私達は朝十時から夕方五時まで、休憩を織り交ぜつつチェックポイントとして張り付いておかなければならない。人が来れば、その人の持つ用紙に羽の生えた象という意味の分からないご当地キャラのスタンプを押印。そしてささやかなお菓子をプレゼントする。スタンプが七個集まれば必ず何か良い物を貰えるくじ引きが引けるらしい。

至って簡単で、酷く単純作業めいた仕事。はっきり言って学校に捧げられる生贄だ。

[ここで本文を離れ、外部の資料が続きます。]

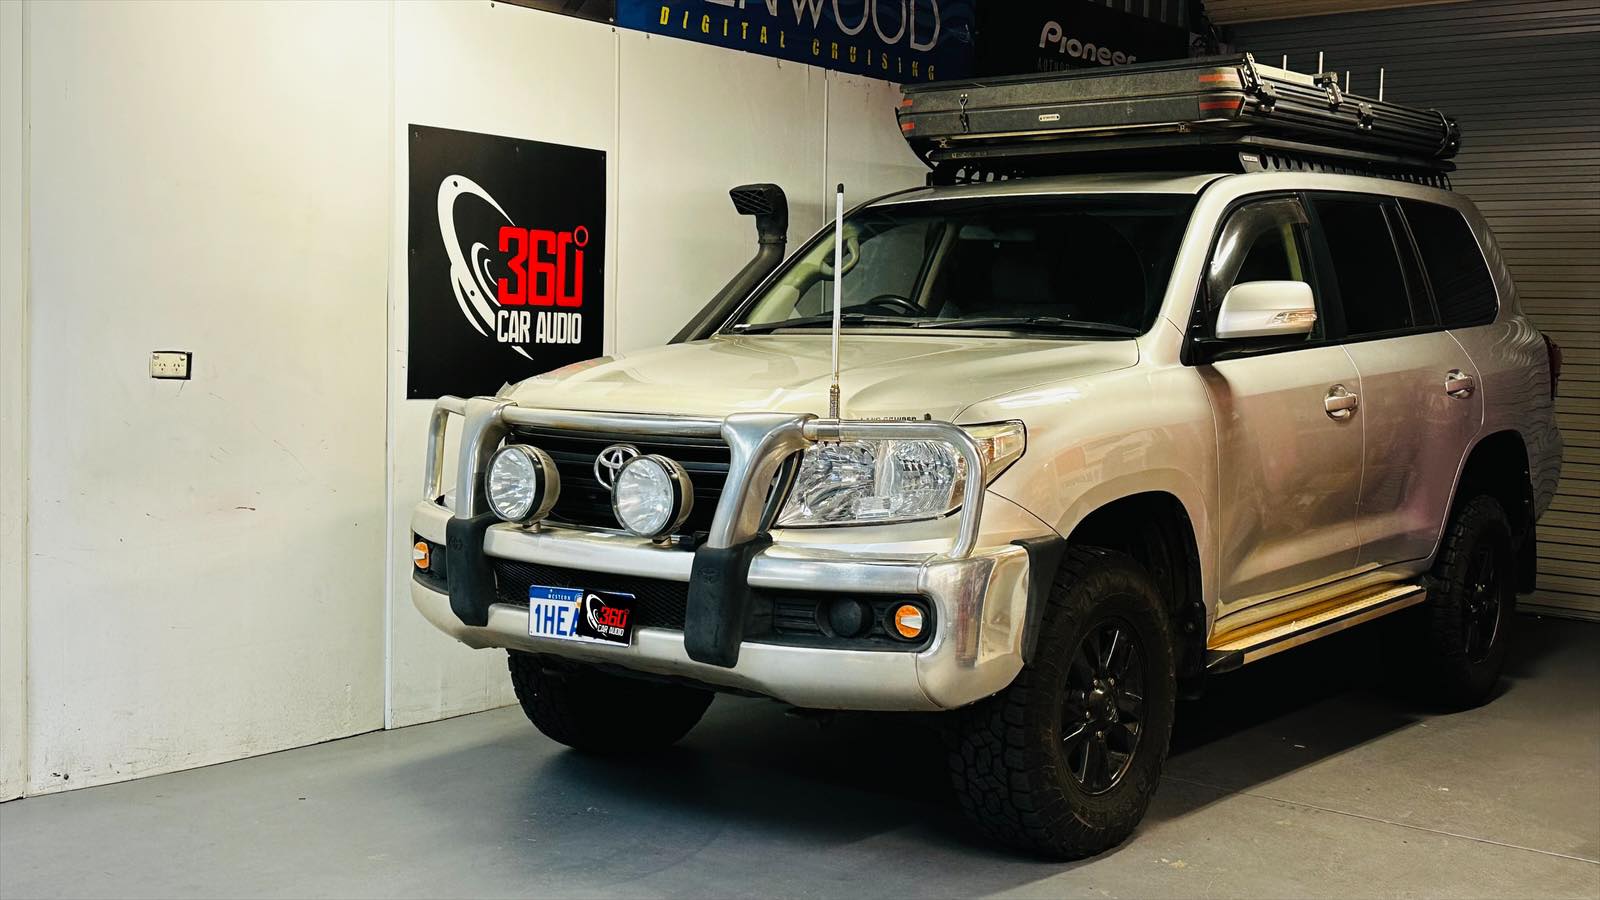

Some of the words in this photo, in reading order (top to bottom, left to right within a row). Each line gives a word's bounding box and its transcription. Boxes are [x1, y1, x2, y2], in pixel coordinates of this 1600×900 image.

だけど生贄を生贄と思わせない理由が近くにいてくれている。

一応身バレ防止の為に、瑞希さんはミズとして一日店長のような形でここに来た事になっているらしい。なので今日はアーティストとして活動している時の衣装だ。

正直、生で見られるなんて眼福だし、自分が好きだった推しと働くなんて幸せの一言に尽きる。昨日の段取り打ち合わせに来たのが私だけで、そこには何故か校長先生もいて色々大変だった事なんてどうでもいいのだ。私が選ばれた理由が校長先生直々の指名だったという訳の分からない選ばれ方だった事も含めて。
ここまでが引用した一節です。